(Items listed in a dataset)

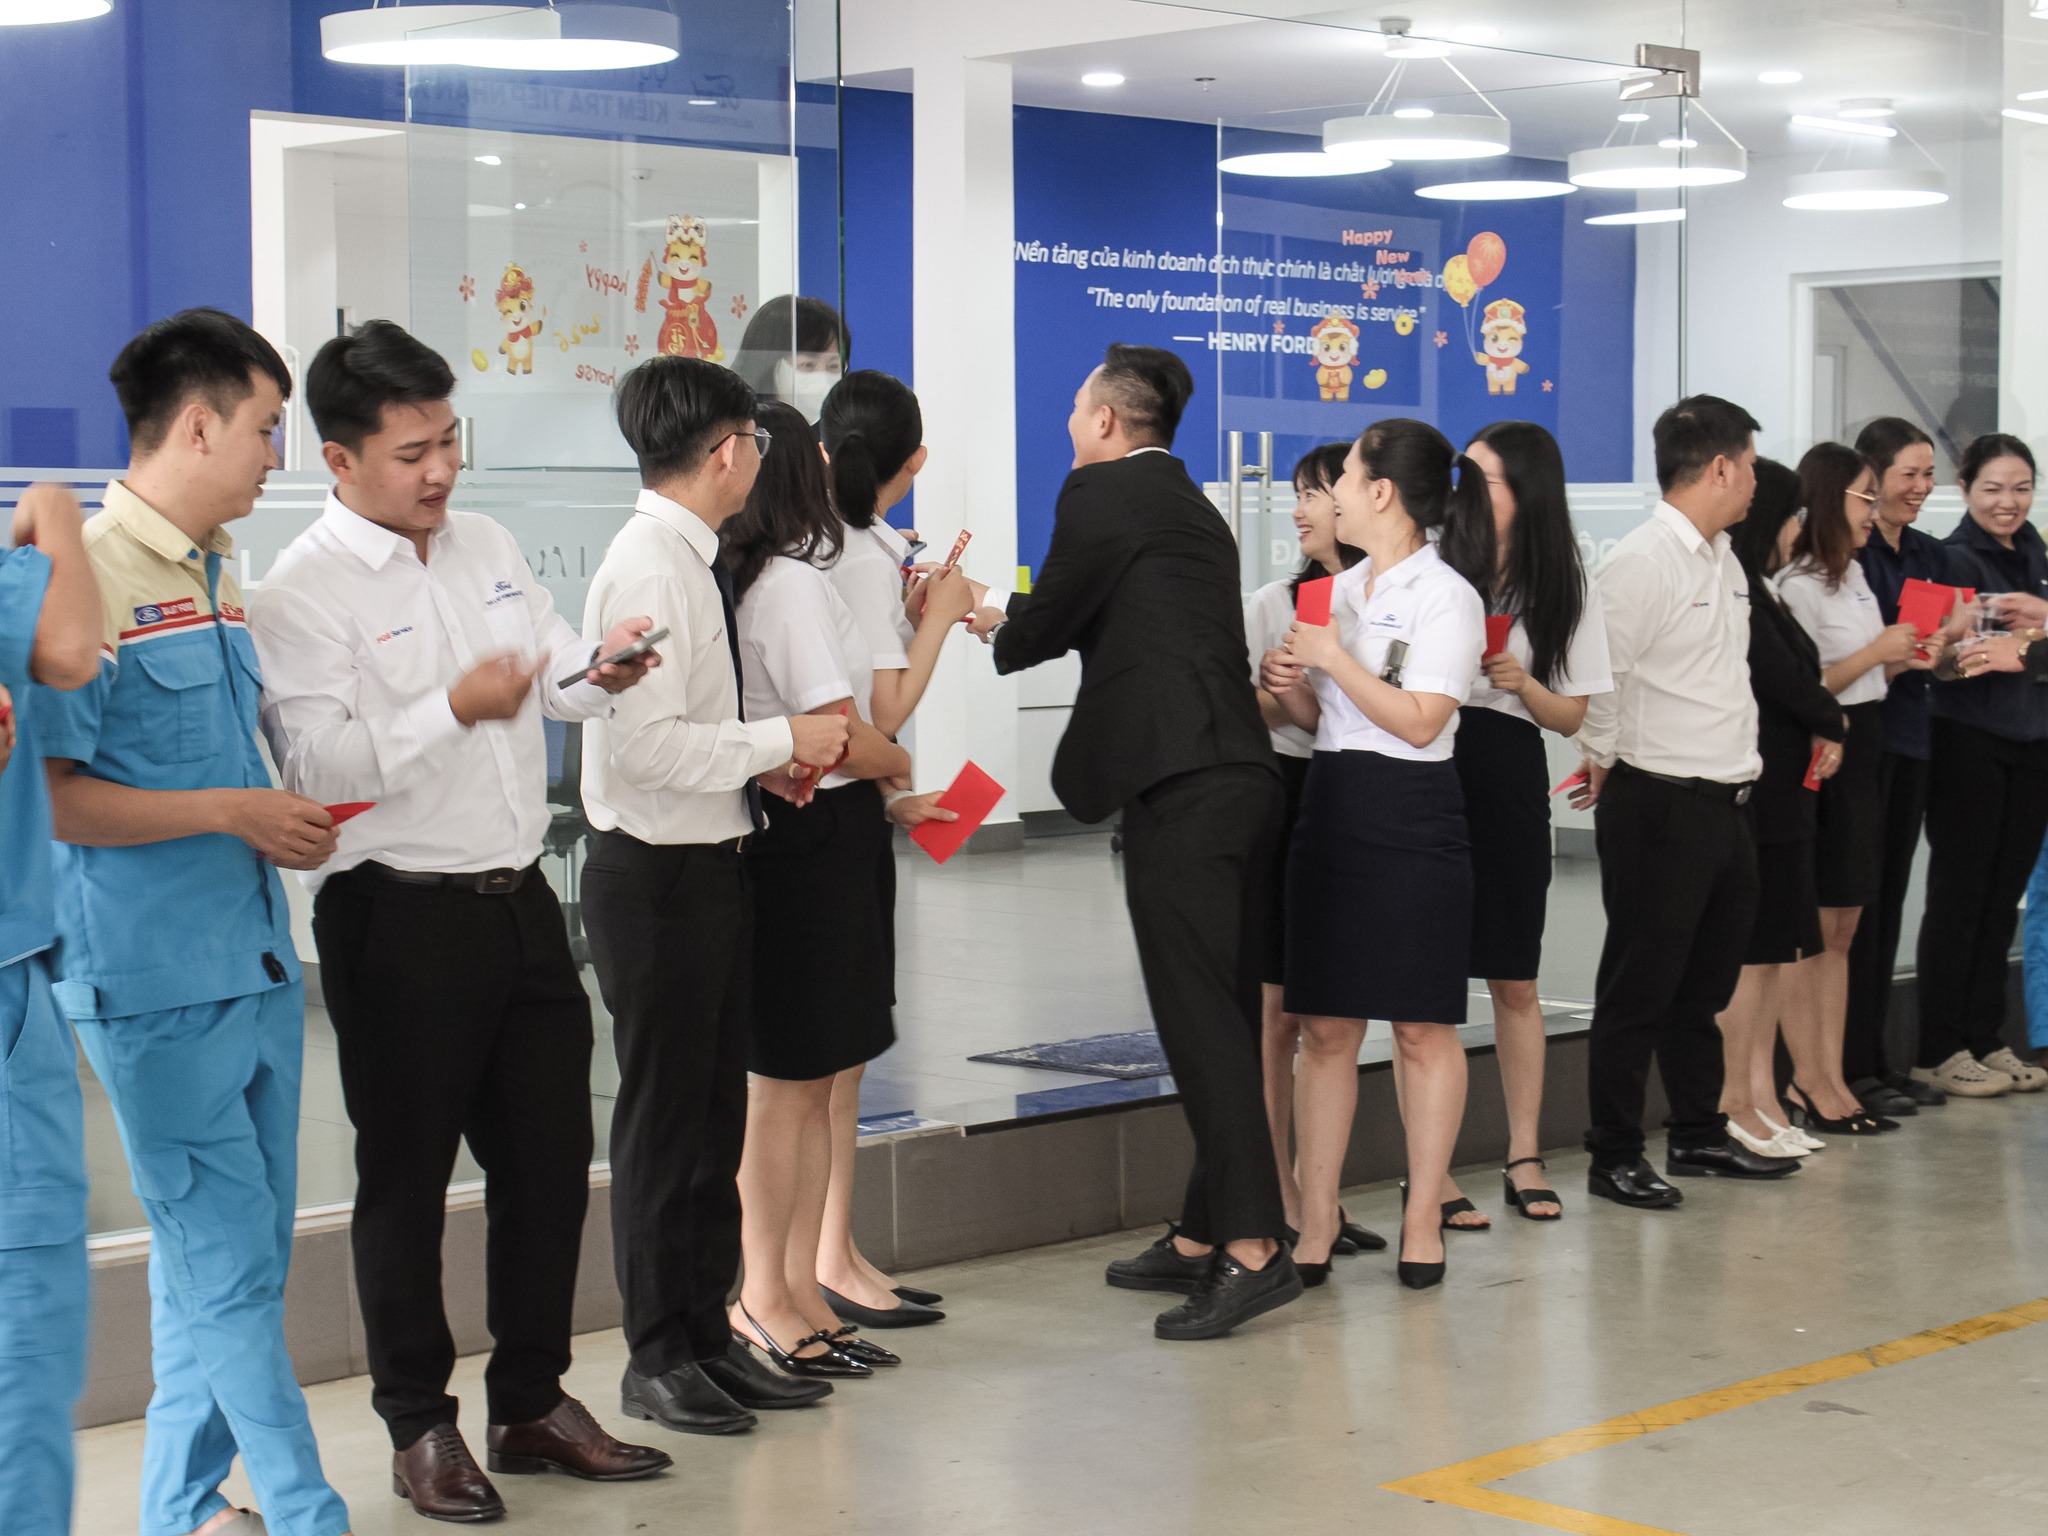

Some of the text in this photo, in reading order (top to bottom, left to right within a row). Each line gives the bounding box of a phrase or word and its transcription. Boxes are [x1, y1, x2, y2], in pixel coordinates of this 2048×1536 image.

[1342, 229, 1393, 246] Happy
[1052, 242, 1088, 269] tảng
[1091, 246, 1120, 267] của
[1122, 248, 1155, 269] kinh
[1157, 251, 1206, 272] doanh
[1242, 257, 1275, 279] thực
[1276, 260, 1316, 280] chính
[1318, 261, 1332, 280] là
[1333, 261, 1366, 283] chất
[1376, 249, 1410, 265] New
[1126, 290, 1160, 313] only
[1161, 291, 1242, 314] foundation
[1244, 295, 1263, 316] of
[1263, 297, 1292, 315] real
[1293, 298, 1354, 319] business
[1356, 304, 1368, 320] is
[1208, 332, 1269, 353] HENRY

## What is required:
Every entry above should be given again exactly, with no images included.

## Your response:
Some of the text in this photo, in reading order (top to bottom, left to right within a row). Each line gives the bounding box of a phrase or word and its transcription. Boxes are [x1, y1, x2, y2], in pixel coordinates of this 2048×1536 image.

[1342, 229, 1393, 246] Happy
[1052, 242, 1088, 269] tảng
[1091, 246, 1120, 267] của
[1122, 248, 1155, 269] kinh
[1157, 251, 1206, 272] doanh
[1242, 257, 1275, 279] thực
[1276, 260, 1316, 280] chính
[1318, 261, 1332, 280] là
[1333, 261, 1366, 283] chất
[1376, 249, 1410, 265] New
[1126, 290, 1160, 313] only
[1161, 291, 1242, 314] foundation
[1244, 295, 1263, 316] of
[1263, 297, 1292, 315] real
[1293, 298, 1354, 319] business
[1356, 304, 1368, 320] is
[1208, 332, 1269, 353] HENRY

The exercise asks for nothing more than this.